1. A complaint work order processing method based on semantic mining is characterized by comprising the following steps:

According to a preset anti-shake language model, a grammar semantic rule base and a complaint dictionary, carrying out semantic mining on the complaint work order text data, and carrying out semantic feature data on the complaint work order; the preset anti-shake language model is obtained in advance according to XXXX

2. The method of claim 1, wherein the data cleansing of the complaint worksheet data comprises: deleting redundant data and/or error data in the complaint work order data; and/or the number of the groups of groups,

3. The method of claim 2, wherein said chinese word segmentation of said complaint worksheet data comprises:

4. The method of claim 1, wherein the text feature information, the text feature information extraction of the complaint dataset, comprises: and extracting the technical terms, the high-frequency words and the set template information from the complaint data set.

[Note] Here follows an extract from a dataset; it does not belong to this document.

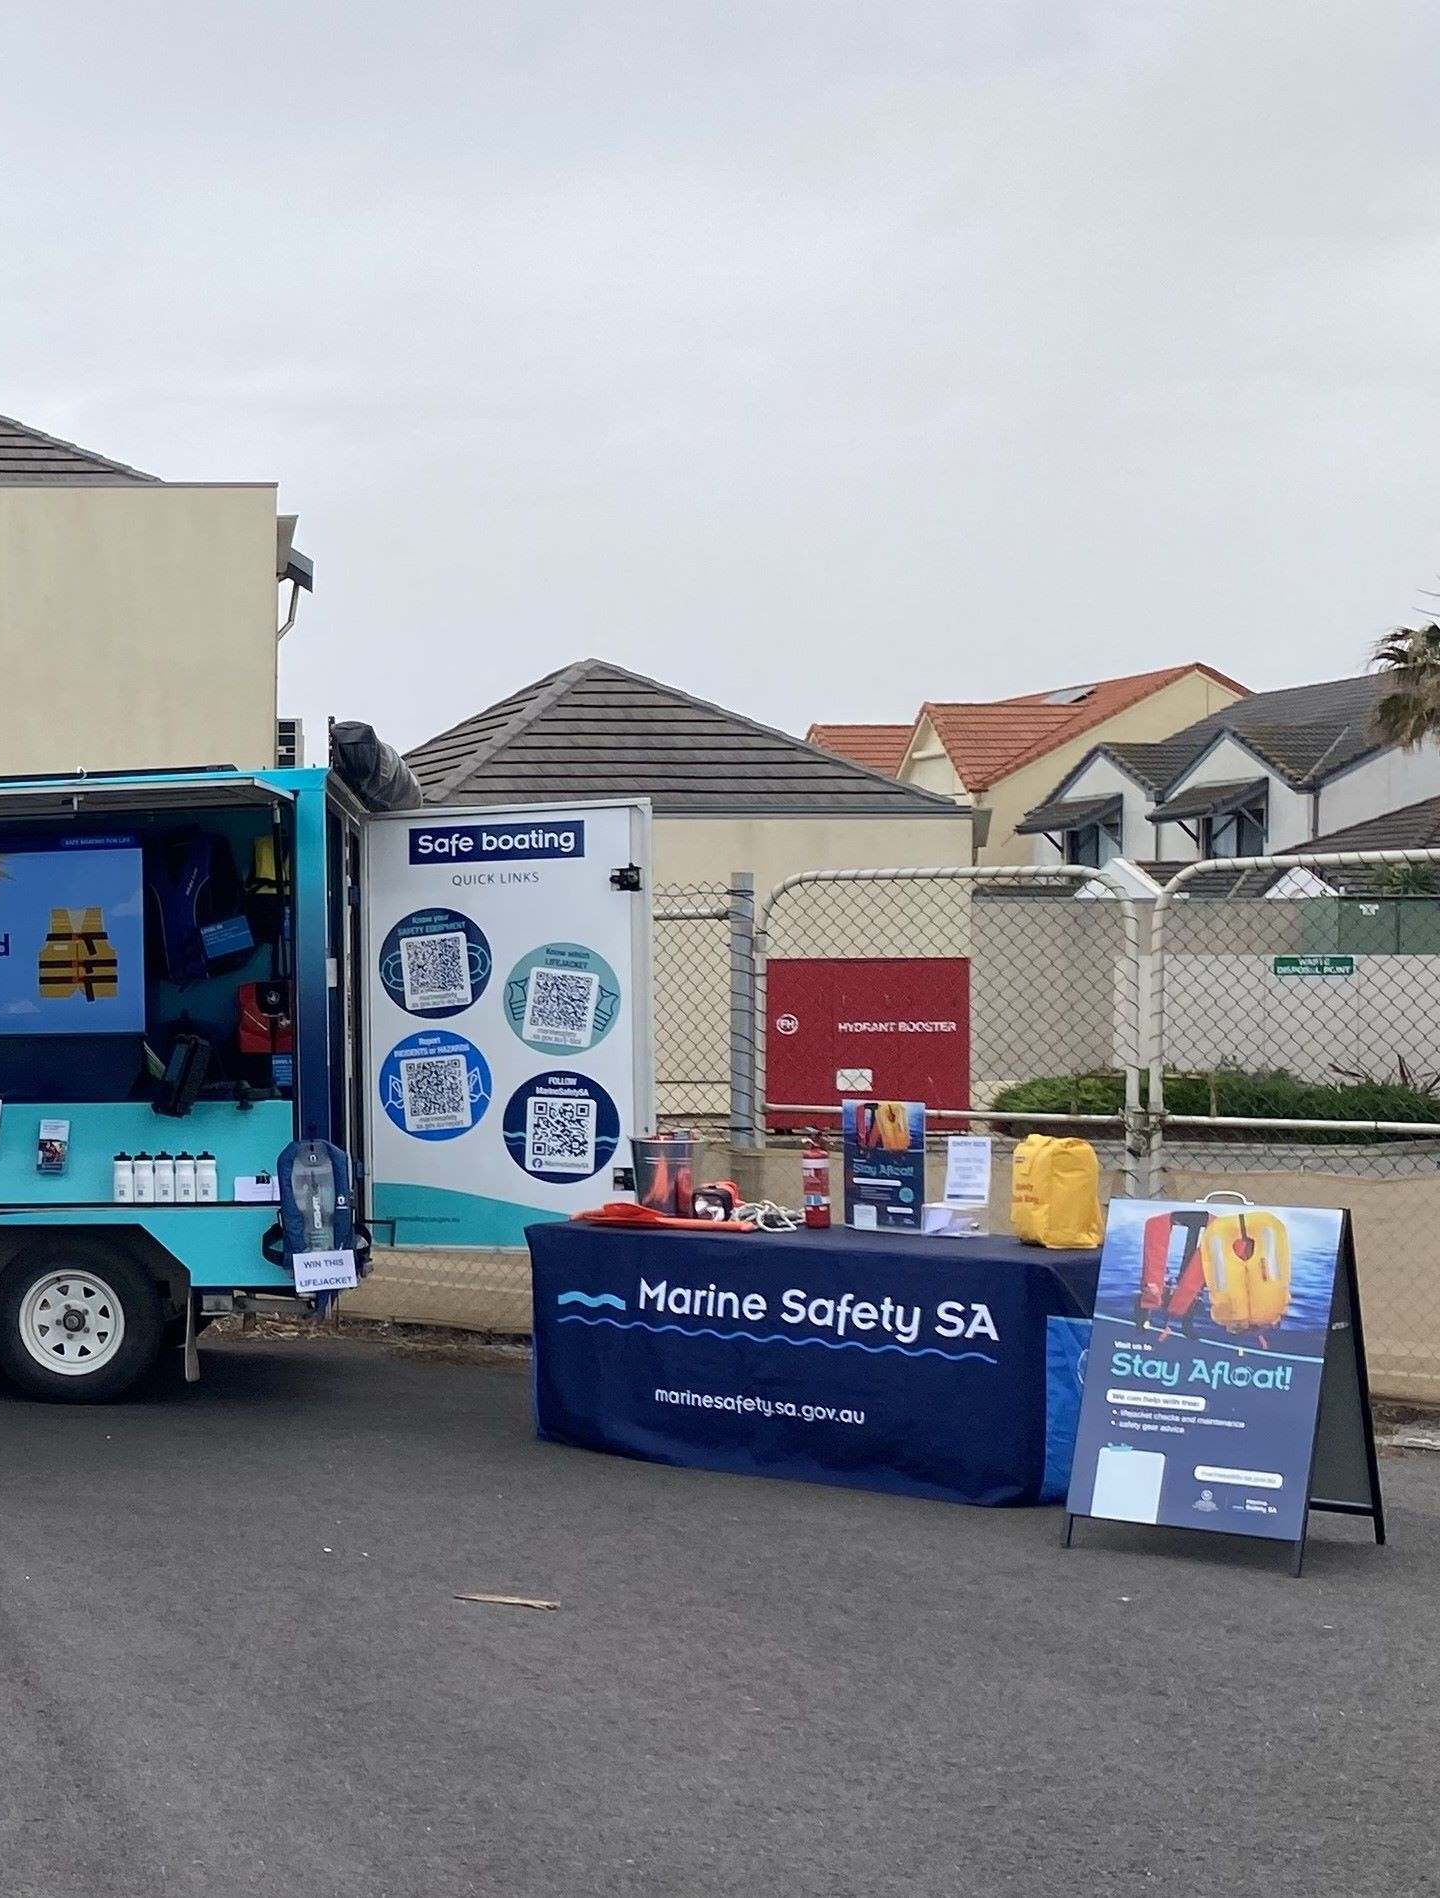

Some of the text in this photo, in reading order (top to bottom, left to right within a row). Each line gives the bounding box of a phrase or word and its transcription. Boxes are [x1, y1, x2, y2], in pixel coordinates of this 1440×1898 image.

5. The method of claim 1, further comprising training the anti-shake language model;

6. The method as recited in claim 5, further comprising:

7. The method of claim 1, wherein clustering the semantic feature data to be classified using a clustering algorithm comprises:

8. A complaint work order processing device based on semantic mining, comprising:

9. A complaint work order processing apparatus based on semantic mining, characterized by comprising a processor and a memory, wherein a computer program executable by the processor is stored in the memory, which computer program, when executed by the processor, implements the processing method according to any one of claims 1 to 7.

10. A computer-readable storage medium, on which a computer program is stored, which computer program, when being executed by a controller, implements the processing method according to any one of claims 1 to 7.